Action item
Every entry gets copied exactly. No images go into the copy.

Records from a dataset:
--
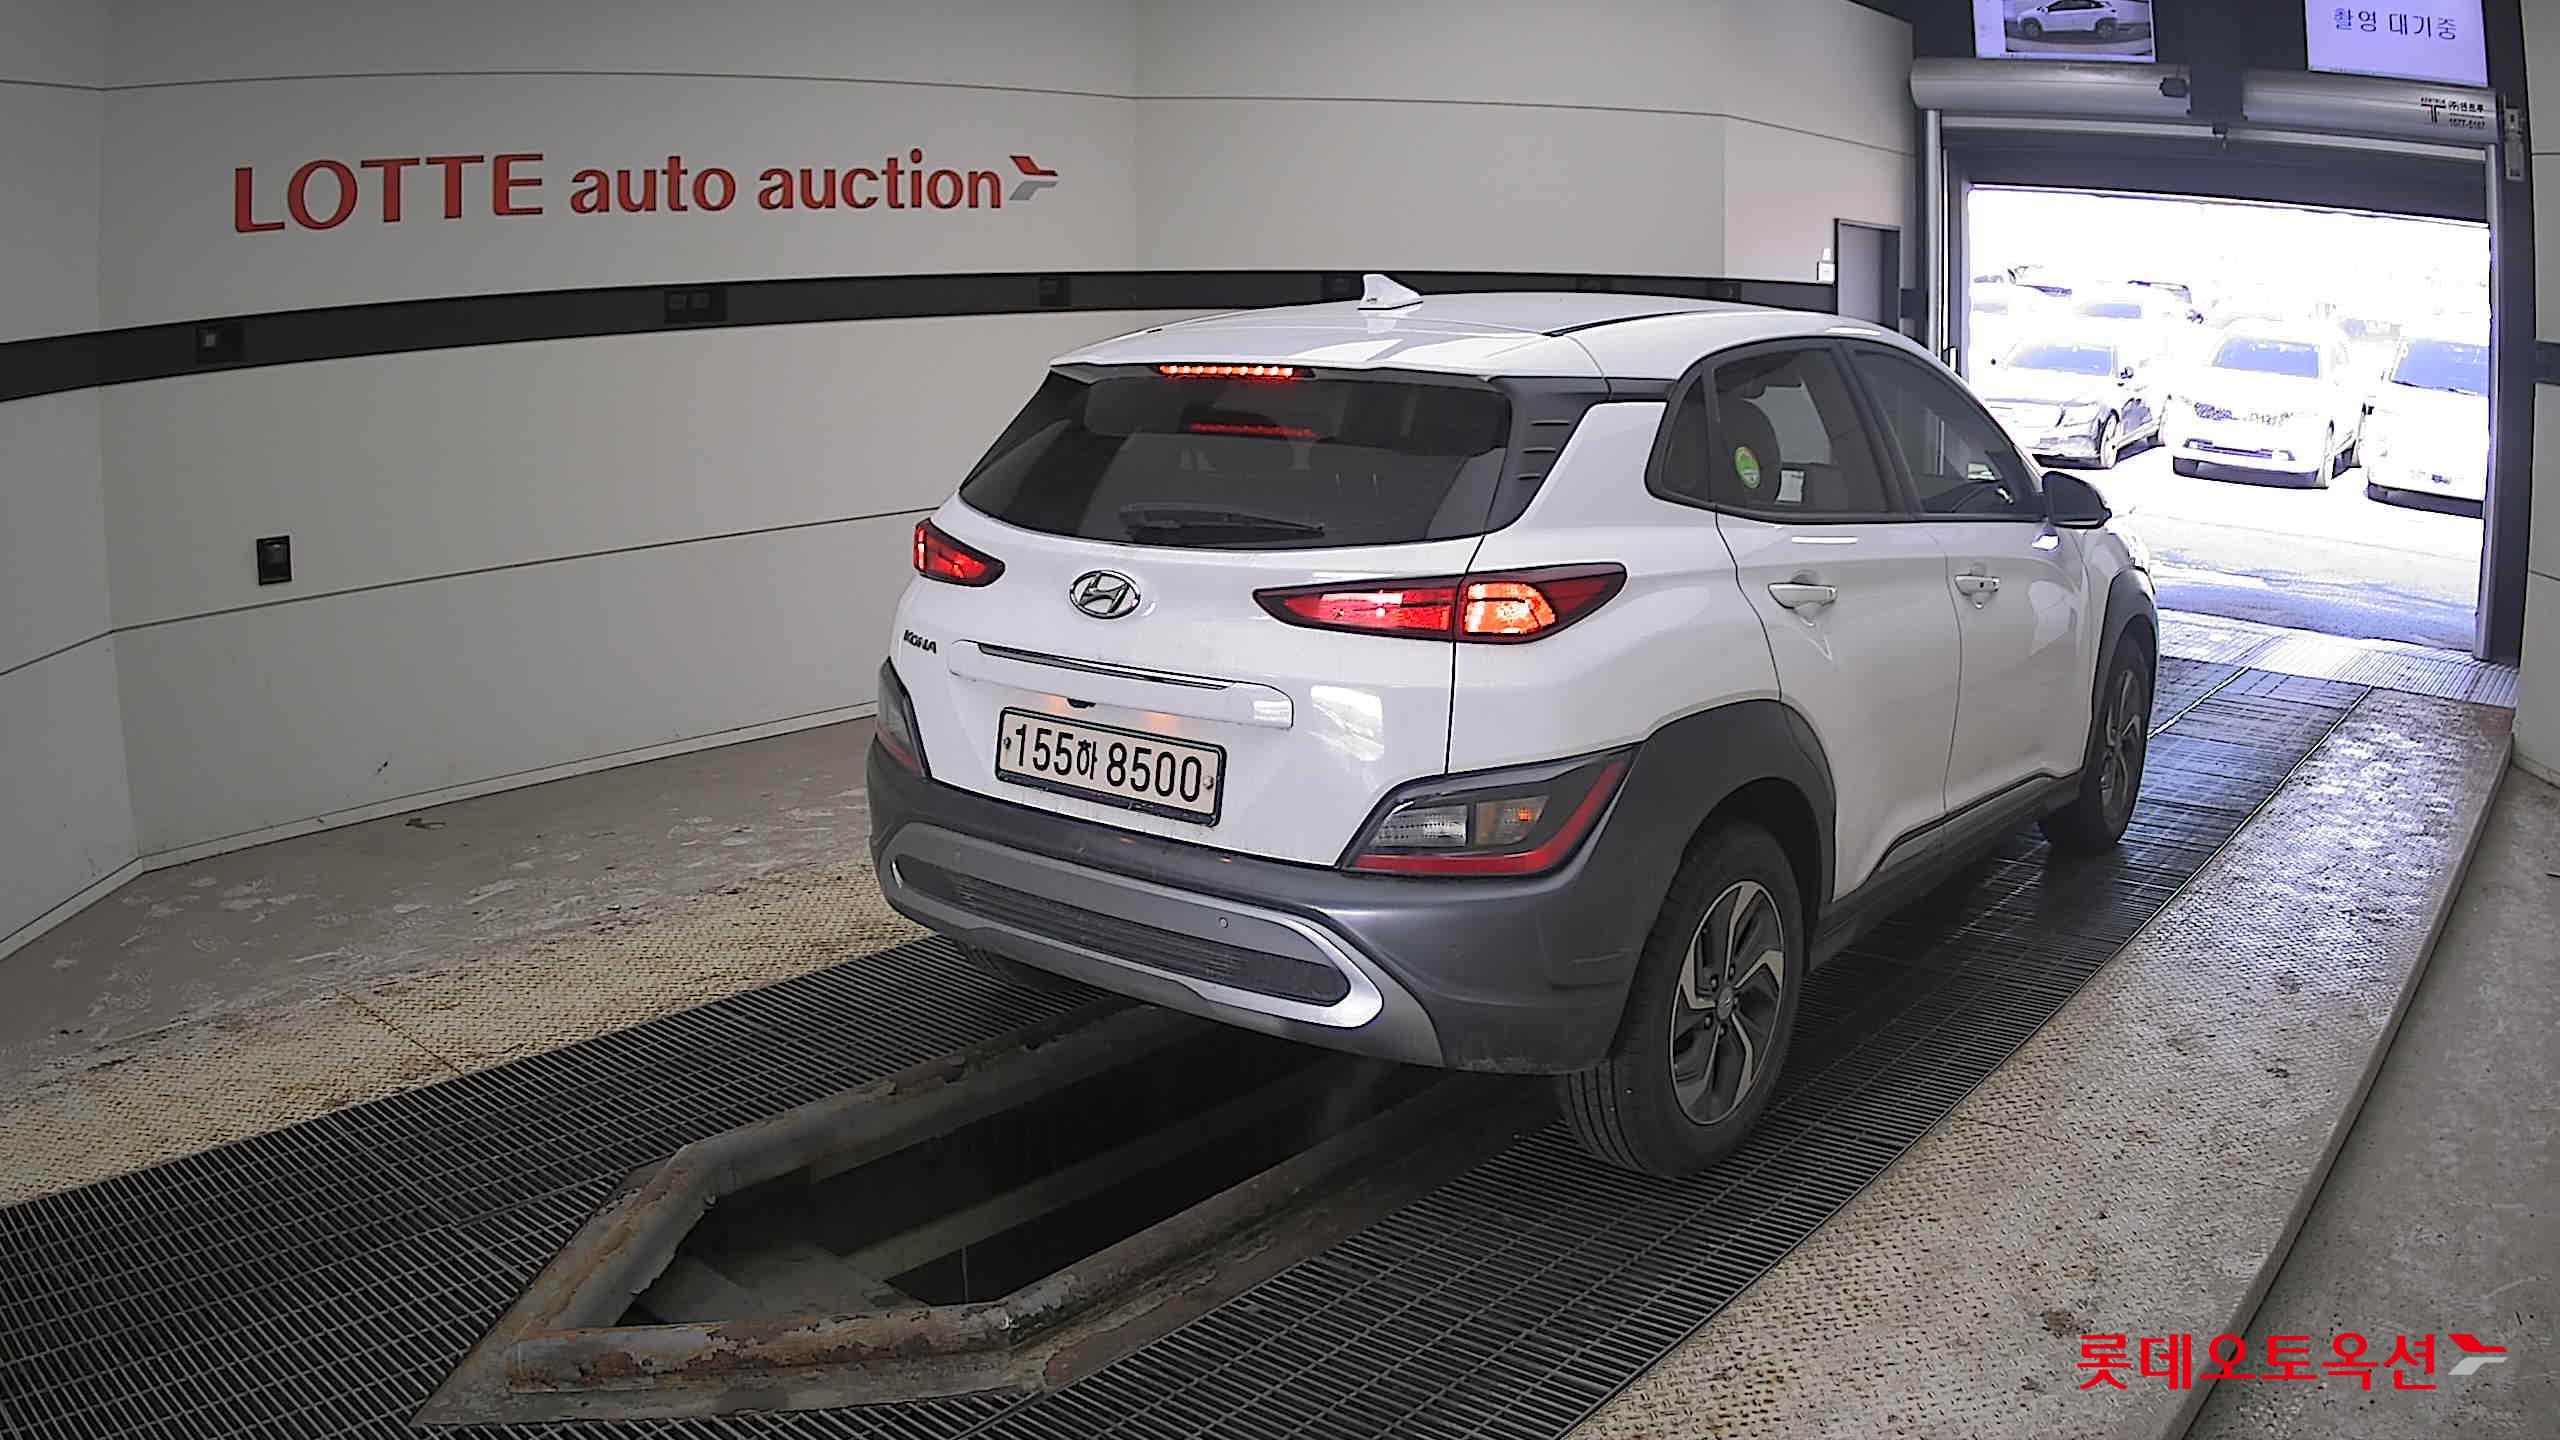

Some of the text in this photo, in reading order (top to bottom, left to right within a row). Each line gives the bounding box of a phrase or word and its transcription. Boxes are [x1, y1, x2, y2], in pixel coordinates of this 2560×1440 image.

[2334, 8, 2457, 40] 촬영 대기중
[234, 147, 1002, 233] LOTTE auto auction
[1015, 723, 1202, 803] 155하 8500
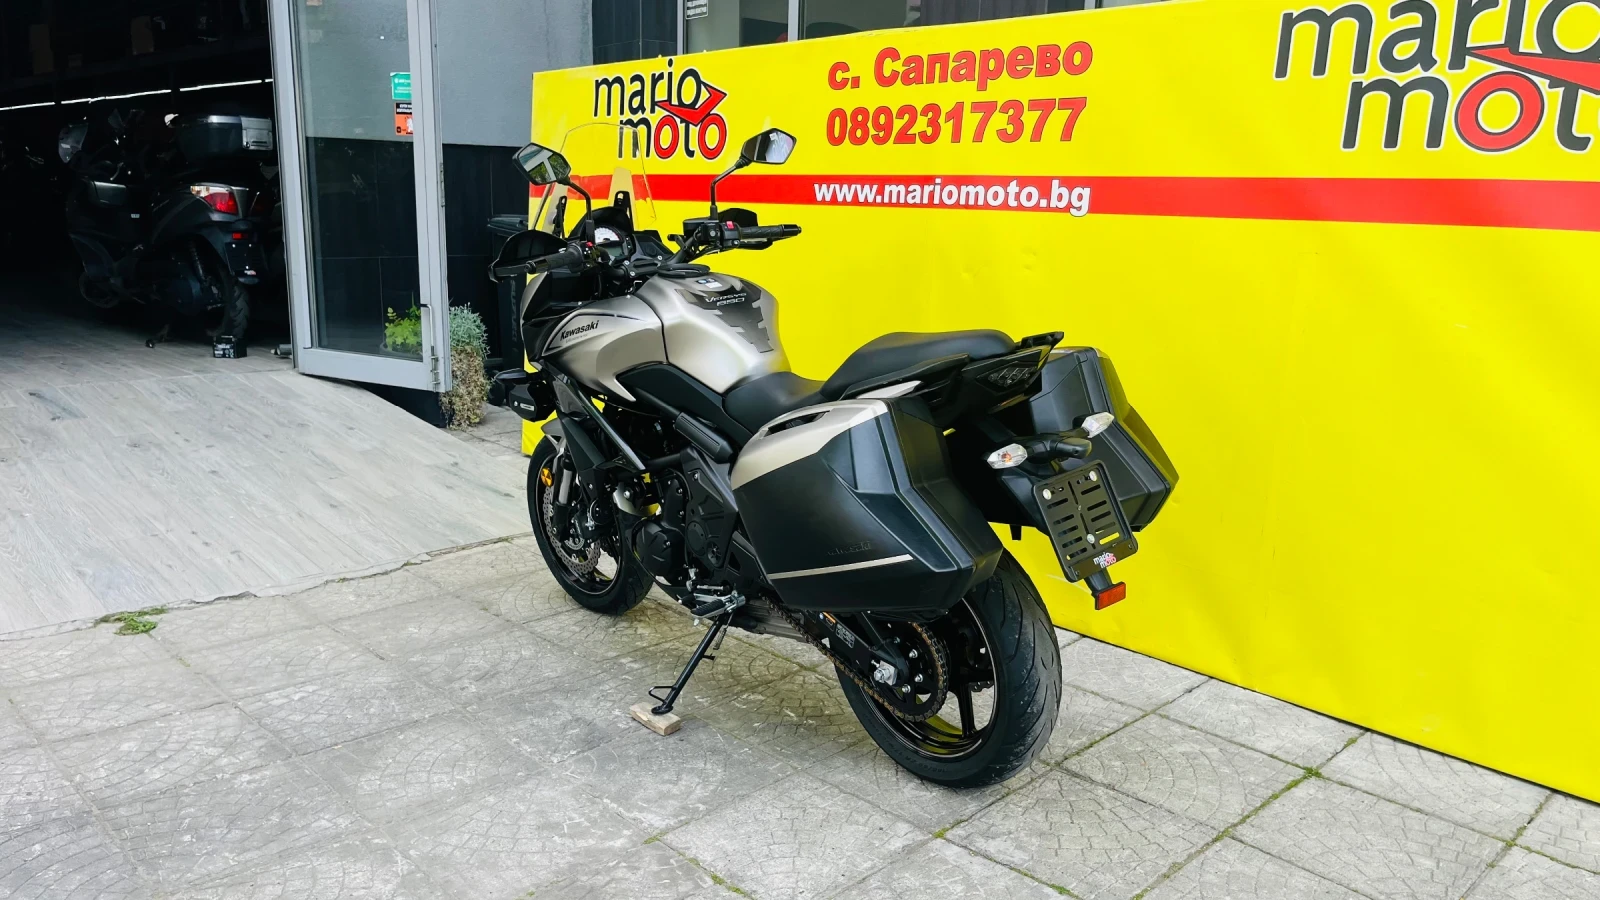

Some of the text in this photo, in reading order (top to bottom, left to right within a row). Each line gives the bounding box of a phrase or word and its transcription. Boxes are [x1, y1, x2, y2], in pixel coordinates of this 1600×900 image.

[1274, 0, 1600, 79] mario
[593, 57, 702, 118] mario
[873, 40, 1094, 92] Сапарево
[617, 112, 727, 160] moto
[826, 96, 1088, 147] 0892317377
[1341, 70, 1600, 153] mot
[813, 177, 1091, 218] www.mariomoto.bg
[560, 319, 600, 341] Kawasaki
--
Reply to the exercise
Some of the text in this photo, in reading order (top to bottom, left to right within a row). Each line gives the bounding box of a phrase or word and its transcription. Boxes are [x1, y1, x2, y2], in pixel coordinates of this 2560×1440 image.

[2334, 8, 2457, 40] 촬영 대기중
[234, 147, 1002, 233] LOTTE auto auction
[1015, 723, 1202, 803] 155하 8500

Some of the text in this photo, in reading order (top to bottom, left to right within a row). Each line gives the bounding box of a phrase or word and its transcription. Boxes are [x1, y1, x2, y2], in pixel coordinates of this 1600×900 image.

[1274, 0, 1600, 79] mario
[593, 57, 702, 118] mario
[873, 40, 1094, 92] Сапарево
[617, 112, 727, 160] moto
[826, 96, 1088, 147] 0892317377
[1341, 70, 1600, 153] mot
[813, 177, 1091, 218] www.mariomoto.bg
[560, 319, 600, 341] Kawasaki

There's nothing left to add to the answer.